Voilà le décor, bien planté, pour vous présenter ce Minox B.

En effet, s’il y a bien un appareil minuscule qui fait partie intégrante du monde de l’espionnage, fantasmé ou réel, c’est bien le Minox.

Notre bon James l’a utilisé au moins deux fois, dans « On ne vit que deux fois » (1967) et « Au service de sa Majesté » (1969) et d’autres héros, comme Mission Impossible (1967).
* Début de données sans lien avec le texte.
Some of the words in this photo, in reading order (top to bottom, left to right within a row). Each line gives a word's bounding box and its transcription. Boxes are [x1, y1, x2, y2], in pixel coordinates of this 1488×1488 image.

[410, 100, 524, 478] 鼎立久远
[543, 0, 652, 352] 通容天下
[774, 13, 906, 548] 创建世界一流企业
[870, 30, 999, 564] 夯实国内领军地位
Mais commençons par le commencement.

C’est l’ingénieur Walter Zapp qui a conçu ce petit bijou, dès les années vingt . Il a ensuite conclu un accord avec la société VEF (Valsts Elektrotehniskā Fabrika) en Létonie pour la fabrication et la vente dans le monde entier. Ils furent produits là-bas de 1937 à 1943. Le premier Minox s’appelait d’ailleurs Riga.
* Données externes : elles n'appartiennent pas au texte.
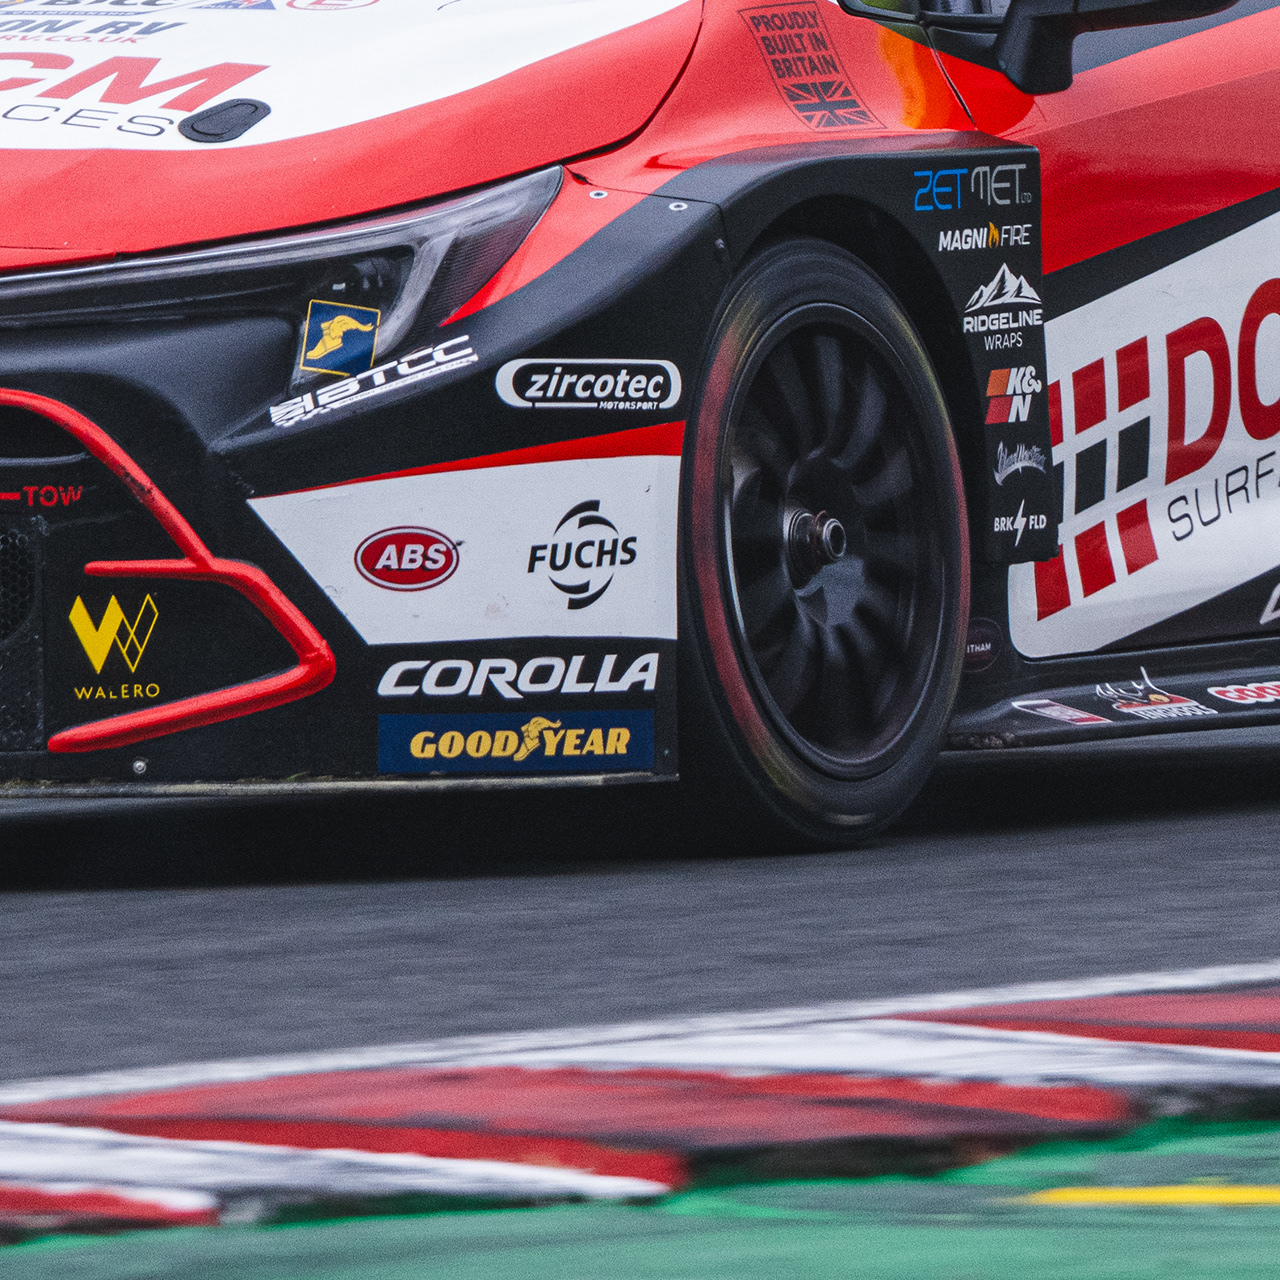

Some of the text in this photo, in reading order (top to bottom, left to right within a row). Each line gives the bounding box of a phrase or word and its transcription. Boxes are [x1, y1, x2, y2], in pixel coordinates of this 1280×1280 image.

[86, 20, 188, 36] RV
[749, 10, 819, 32] PROUDLY
[761, 32, 829, 55] BUILT IN
[771, 54, 840, 78] BRITAIN
[963, 309, 1043, 333] RIDGELINE
[984, 332, 1023, 351] WRAPS
[316, 335, 473, 406] BTCC
[525, 367, 664, 398] zircotec
[599, 401, 658, 410] MOTORSPORT
[23, 485, 84, 507] TOW
[375, 543, 447, 570] ABS
[527, 536, 638, 573] FUCHS
[967, 642, 992, 654] ITHAM
[377, 653, 660, 699] COROLLA
[74, 683, 160, 699] WALERO
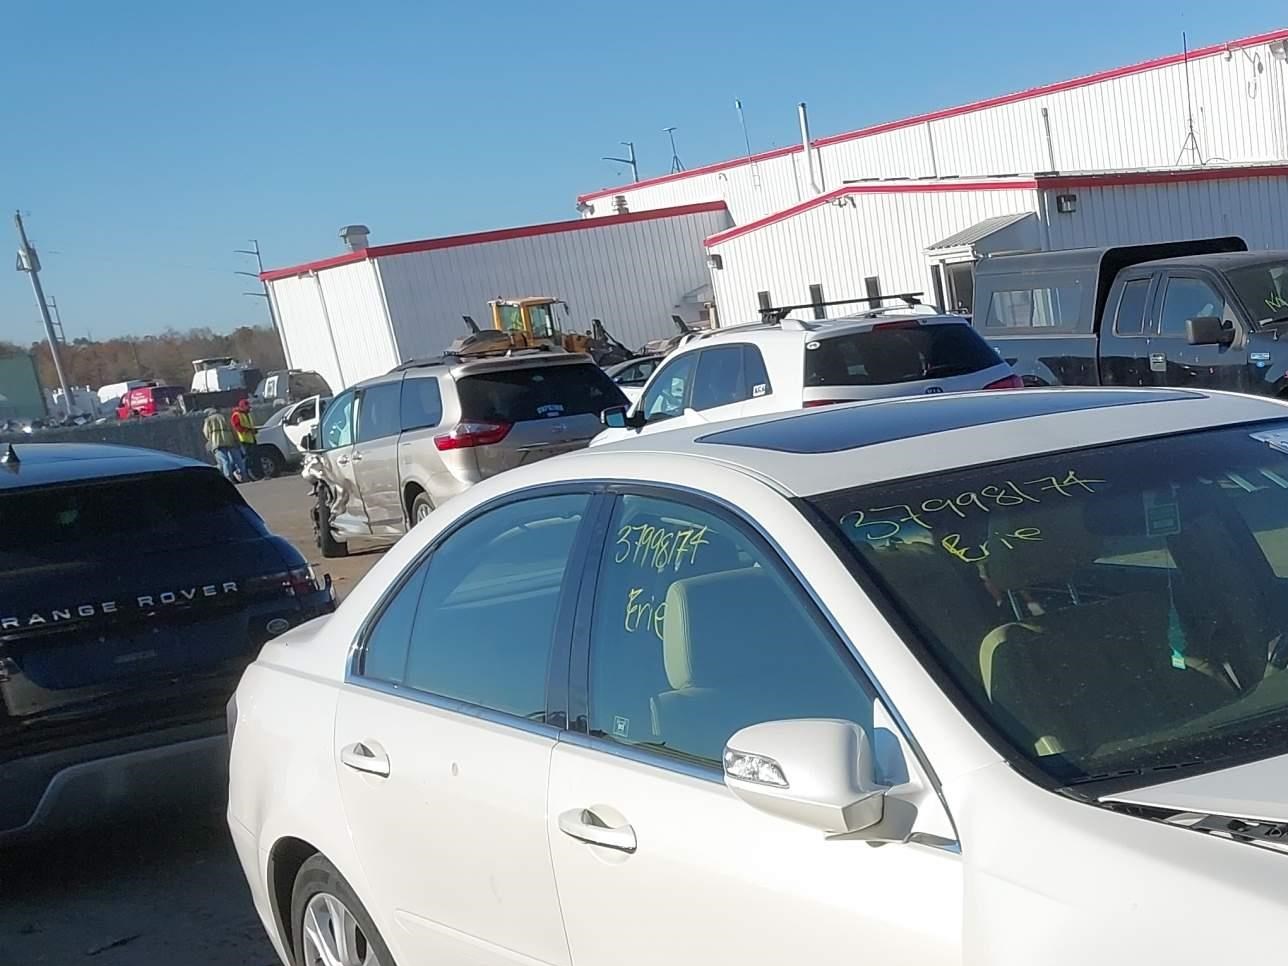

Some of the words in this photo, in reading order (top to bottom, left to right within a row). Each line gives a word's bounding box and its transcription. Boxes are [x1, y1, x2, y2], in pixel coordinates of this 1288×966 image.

[839, 470, 1106, 540] 37998174
[615, 523, 710, 572] 37998174
[1, 601, 118, 629] RANGE
[137, 581, 238, 608] ROVER
Imaginé dès les années vingt (1922) les premiers modèles ont vu le jour en 1934 mais la production ne commença qu’à partir de 1936.

Ensuite, la société déménagea en Allemagne, à Wetzlar (tient, comme Leica et Zeiss Ikon) et depuis 1948, c’est là qu’ils sont produits.

Pourquoi a t’il imaginé ce minuscule appareil ? Ses débuts en photographie ont eu lieu dans le studio photographique de Walter Lemberg (1922) et il trouvait les appareils de l’époque lourds, encombrants et mal commodes. C’est ce qui l’a poussé a inventer un appareil beaucoup plus petit et très performant.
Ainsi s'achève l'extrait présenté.